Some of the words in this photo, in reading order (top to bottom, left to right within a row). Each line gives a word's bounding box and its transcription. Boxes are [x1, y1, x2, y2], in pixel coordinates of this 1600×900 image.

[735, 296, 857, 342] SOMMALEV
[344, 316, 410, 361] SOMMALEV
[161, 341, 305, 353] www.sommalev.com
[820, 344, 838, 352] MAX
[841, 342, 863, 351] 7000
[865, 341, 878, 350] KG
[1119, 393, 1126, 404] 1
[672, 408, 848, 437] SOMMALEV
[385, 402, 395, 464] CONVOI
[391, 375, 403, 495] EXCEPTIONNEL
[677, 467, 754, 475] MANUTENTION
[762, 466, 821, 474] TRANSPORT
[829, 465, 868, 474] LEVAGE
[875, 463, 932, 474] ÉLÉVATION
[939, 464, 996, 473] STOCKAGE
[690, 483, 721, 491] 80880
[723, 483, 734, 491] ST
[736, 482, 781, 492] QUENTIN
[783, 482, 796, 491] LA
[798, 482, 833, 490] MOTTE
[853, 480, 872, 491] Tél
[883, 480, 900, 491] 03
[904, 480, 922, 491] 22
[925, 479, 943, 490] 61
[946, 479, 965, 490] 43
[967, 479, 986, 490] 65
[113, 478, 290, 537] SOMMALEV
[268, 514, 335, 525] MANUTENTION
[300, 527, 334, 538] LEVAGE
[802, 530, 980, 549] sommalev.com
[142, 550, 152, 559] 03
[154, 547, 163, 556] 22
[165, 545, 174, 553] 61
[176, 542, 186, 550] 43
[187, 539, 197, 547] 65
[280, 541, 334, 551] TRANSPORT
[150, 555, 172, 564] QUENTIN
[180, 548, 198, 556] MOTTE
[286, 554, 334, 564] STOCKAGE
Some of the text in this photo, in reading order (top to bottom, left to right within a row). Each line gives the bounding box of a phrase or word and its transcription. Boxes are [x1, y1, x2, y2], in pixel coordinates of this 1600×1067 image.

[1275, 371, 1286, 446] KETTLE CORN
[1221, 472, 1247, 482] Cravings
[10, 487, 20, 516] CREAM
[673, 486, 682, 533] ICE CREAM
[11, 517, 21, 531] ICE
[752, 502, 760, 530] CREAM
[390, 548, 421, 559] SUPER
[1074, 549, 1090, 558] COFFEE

#### [AIM OF THE EXERCISE]
Write the listing out again so that nothing in it differs from the original.

#### [RESPONSE TO THE EXERCISE]
Some of the words in this photo, in reading order (top to bottom, left to right within a row). Each line gives a word's bounding box and its transcription. Boxes are [x1, y1, x2, y2], in pixel coordinates of this 1600×900 image.

[735, 296, 857, 342] SOMMALEV
[344, 316, 410, 361] SOMMALEV
[161, 341, 305, 353] www.sommalev.com
[820, 344, 838, 352] MAX
[841, 342, 863, 351] 7000
[865, 341, 878, 350] KG
[1119, 393, 1126, 404] 1
[672, 408, 848, 437] SOMMALEV
[385, 402, 395, 464] CONVOI
[391, 375, 403, 495] EXCEPTIONNEL
[677, 467, 754, 475] MANUTENTION
[762, 466, 821, 474] TRANSPORT
[829, 465, 868, 474] LEVAGE
[875, 463, 932, 474] ÉLÉVATION
[939, 464, 996, 473] STOCKAGE
[690, 483, 721, 491] 80880
[723, 483, 734, 491] ST
[736, 482, 781, 492] QUENTIN
[783, 482, 796, 491] LA
[798, 482, 833, 490] MOTTE
[853, 480, 872, 491] Tél
[883, 480, 900, 491] 03
[904, 480, 922, 491] 22
[925, 479, 943, 490] 61
[946, 479, 965, 490] 43
[967, 479, 986, 490] 65
[113, 478, 290, 537] SOMMALEV
[268, 514, 335, 525] MANUTENTION
[300, 527, 334, 538] LEVAGE
[802, 530, 980, 549] sommalev.com
[142, 550, 152, 559] 03
[154, 547, 163, 556] 22
[165, 545, 174, 553] 61
[176, 542, 186, 550] 43
[187, 539, 197, 547] 65
[280, 541, 334, 551] TRANSPORT
[150, 555, 172, 564] QUENTIN
[180, 548, 198, 556] MOTTE
[286, 554, 334, 564] STOCKAGE
Some of the text in this photo, in reading order (top to bottom, left to right within a row). Each line gives the bounding box of a phrase or word and its transcription. Boxes are [x1, y1, x2, y2], in pixel coordinates of this 1600×1067 image.

[1275, 371, 1286, 446] KETTLE CORN
[1221, 472, 1247, 482] Cravings
[10, 487, 20, 516] CREAM
[673, 486, 682, 533] ICE CREAM
[11, 517, 21, 531] ICE
[752, 502, 760, 530] CREAM
[390, 548, 421, 559] SUPER
[1074, 549, 1090, 558] COFFEE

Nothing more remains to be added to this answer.